Freud originally taught that
premature sexual exposure and abuse was the genesis of all neuroses. He
later modified his theory to state that actual abuse was not necessary,
but that even infantile fantasies of sex with the forbidden could cause
the same psychic result and trauma. One of the reasons for Freud’s
change of heart was because of the sheer number of the accounts of early
abuse he heard. It was not popular in the 19th century to
believe children when they contradicted or countered elders. This
attitude plagues assault victims even today. Also, the social status of
the family members who were the alleged abusers made Freud’s conclusion
impolitic and “doubtful.” Nonetheless, Freud’s original observations and
conclusions, in spite of him, have withstood the test of time.
Freud was not alone in
observing that premature sexual exposure was extremely detrimental to
children and minors. Although this is commonplace knowledge in 2007, the
harmfulness of early sex has been know for decades by educators,
counselors, and informed adults. The Child Welfare Movement of the early
20th Century and the child protective laws enacted
mid-century are results of that broad awareness.

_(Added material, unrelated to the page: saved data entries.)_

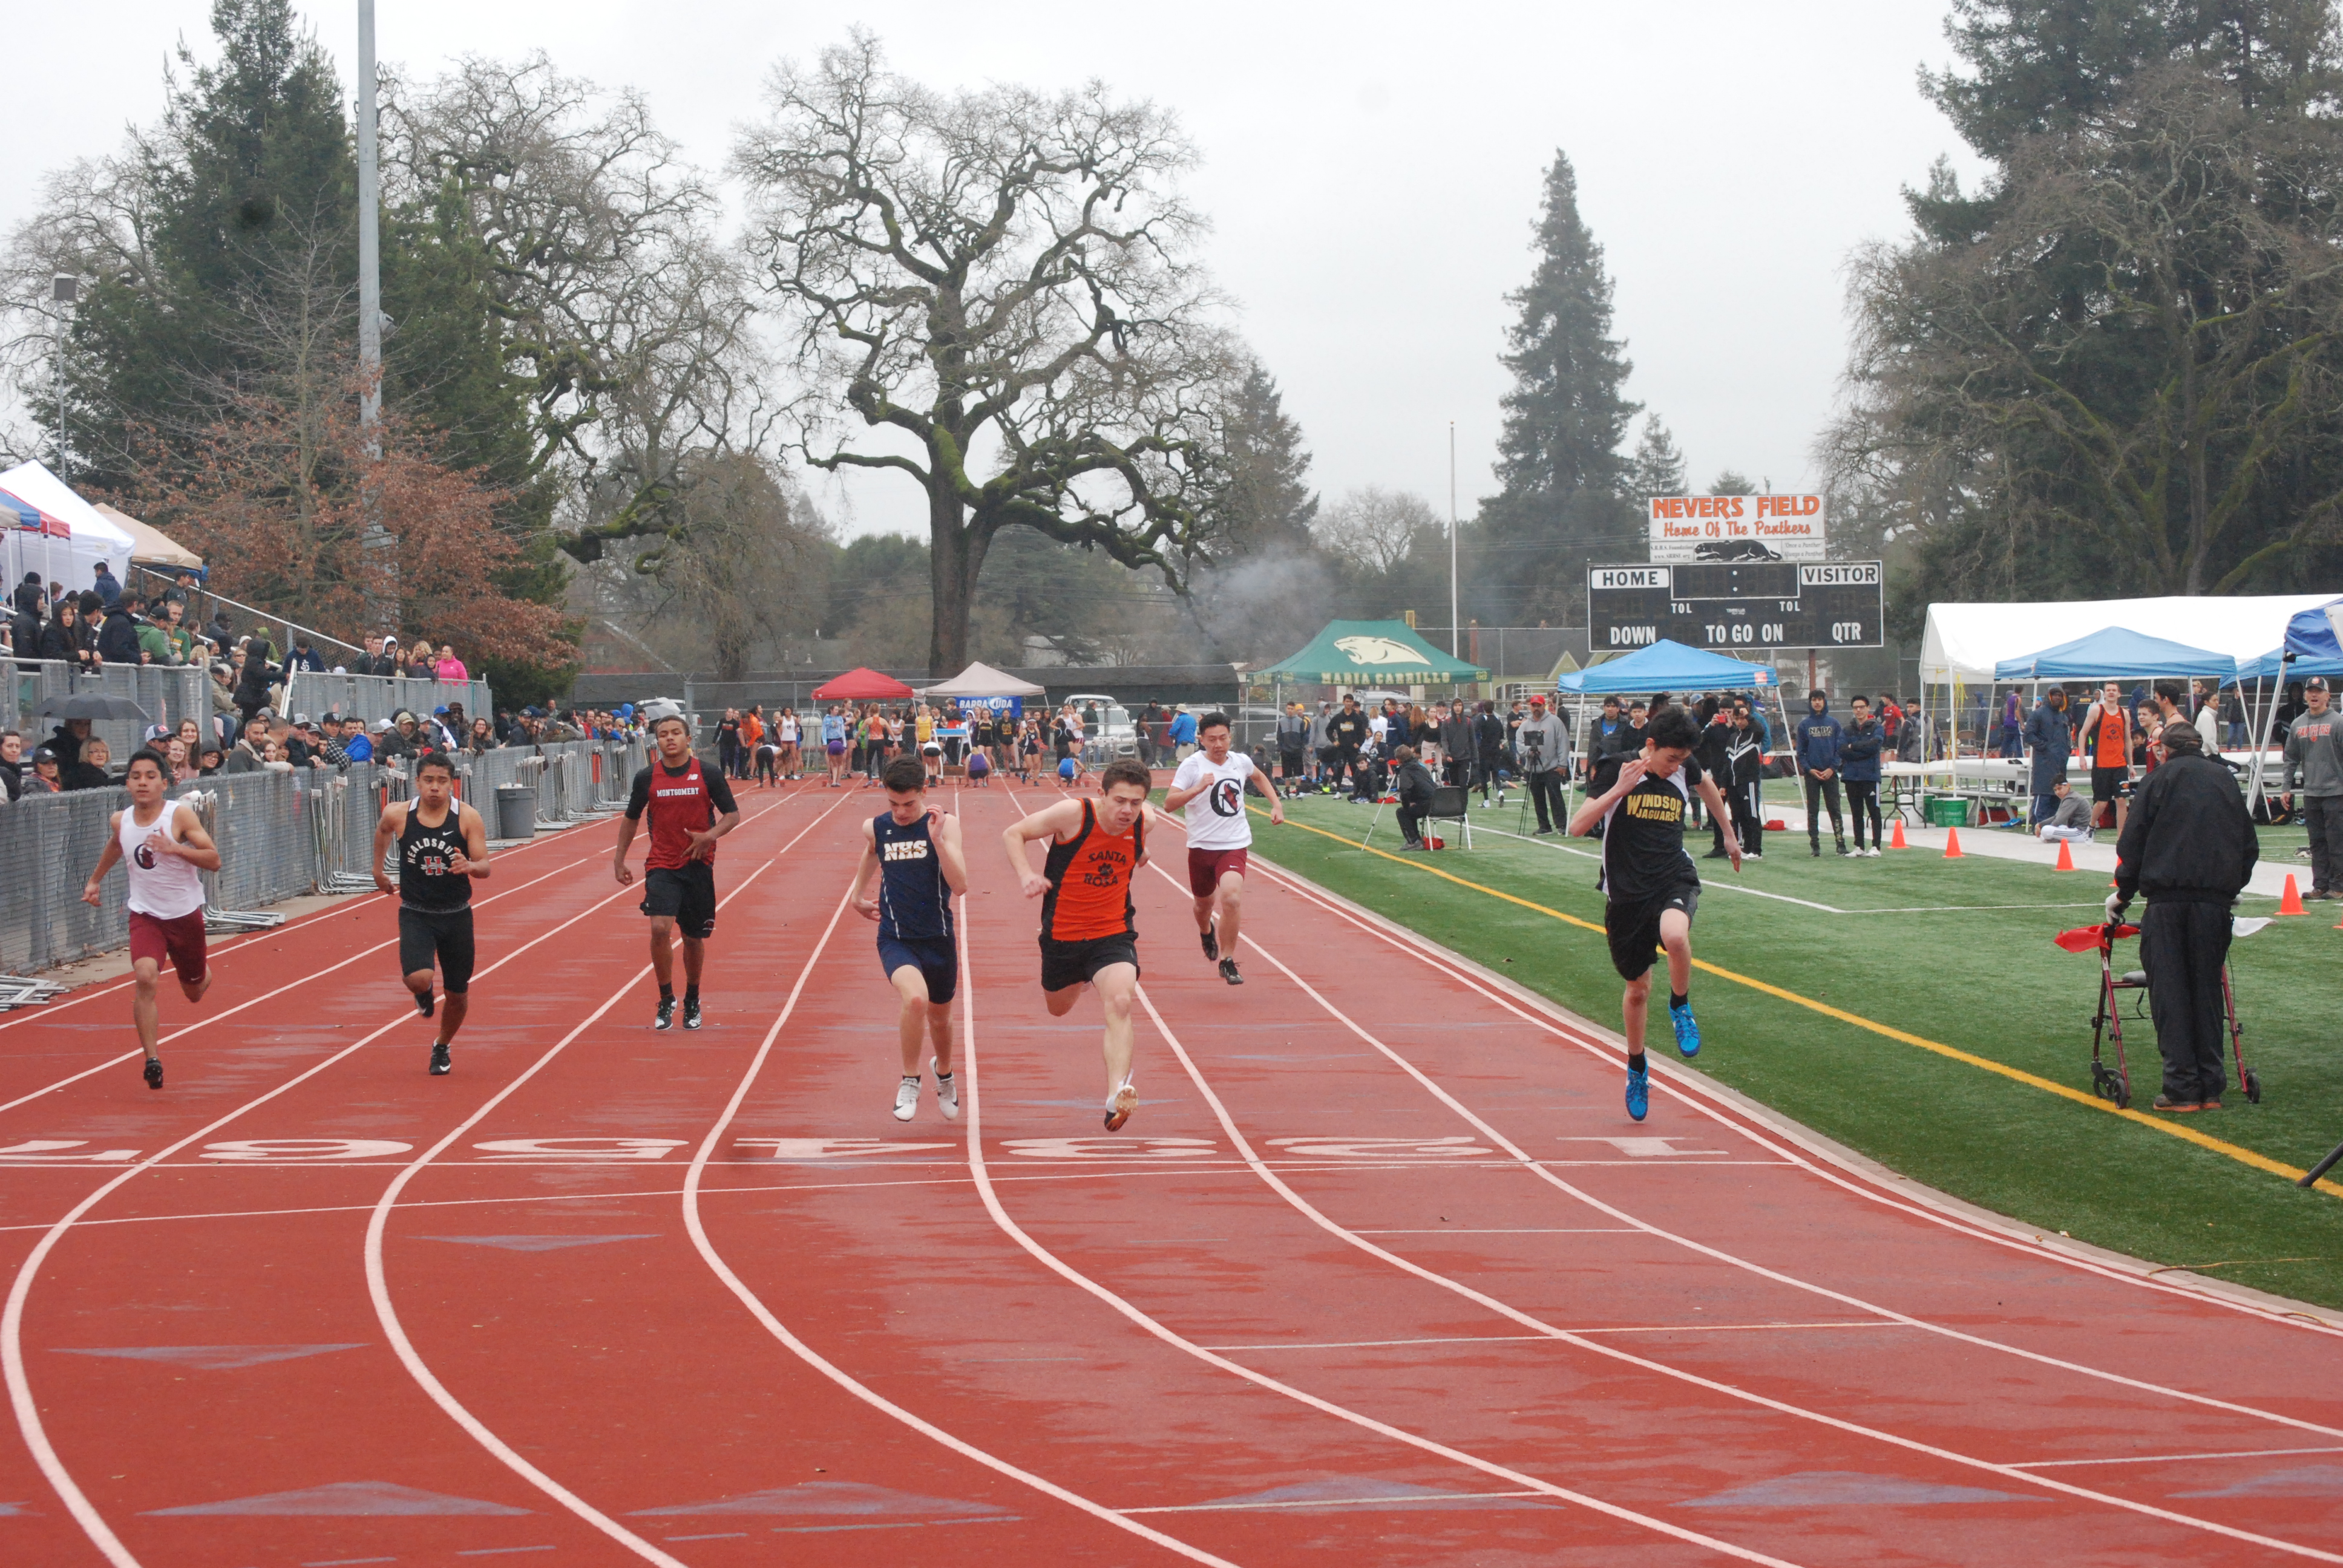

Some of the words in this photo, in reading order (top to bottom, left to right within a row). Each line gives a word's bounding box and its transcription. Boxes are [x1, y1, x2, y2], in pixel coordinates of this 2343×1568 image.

[1653, 497, 1744, 519] NEVERS
[1757, 496, 1820, 518] FIELD
[1664, 522, 1700, 537] Home
[1705, 521, 1720, 538] Of
[1726, 521, 1748, 536] The
[1754, 520, 1810, 535] Panthers
[1603, 571, 1658, 586] HOME
[1804, 567, 1876, 582] VISITOR
[1671, 603, 1692, 614] TOL
[1779, 601, 1800, 612] TOL
[1610, 626, 1656, 645] DOWN
[1706, 625, 1726, 643] TO
[1732, 624, 1753, 642] GO
[1761, 624, 1783, 642] ON
[1832, 622, 1861, 643] QTR
[1321, 672, 1370, 685] MARIA
[1375, 671, 1450, 684] CARRILLO
[1809, 726, 1832, 734] NAPA
[657, 787, 699, 797] MONTGOMERY
[1627, 794, 1682, 822] WINDSOR
[1636, 808, 1676, 822] JAGUARS
[884, 840, 928, 861] NHS
[1087, 850, 1127, 865] SANTA
[1084, 873, 1118, 887] ROSA

No acknowledged or respected
scientific expert proposes the idea that early sexual experience of a
child with an adult is beneficial to the child. Also common wisdom of
parents and educators have held for generations that children should be
protected from sexual seduction and have instituted many safeguards in
monitoring schedules, grade interaction, dress codes, and curfews, and
common sense warnings to insure protection. Ironically religions,
including the Roman Catholic Church throughout the 20th
Century, have been first and foremost in insisting on the sexual
abstinence and virtue of the young.
Even currently many people find
it difficult to believe the enormous psychic consequences from what they
would consider a “minor sexual infraction” or a minimal event of sexual
touch. Freud as early as 1893 wrote, For we very often find that the
content and determinants of hysterical phenomena [read emotional
reaction] are events which are in themselves quite trivial, but which
have acquired high significance from the fact that they occurred at
specially important moments when the patient’s predisposition was
pathologically increased.
2.
THE LEGACY OF
ANXIETY: Anxiety overwhelms the victim. A host of addictive
behaviors involving alcohol, drugs, sex or other acting out,
out-of-control behaviors are endemic among many men and women who have
suffered abuse. These are among the means victims use to mollify their
confusion, the pain of trauma, and unconscious.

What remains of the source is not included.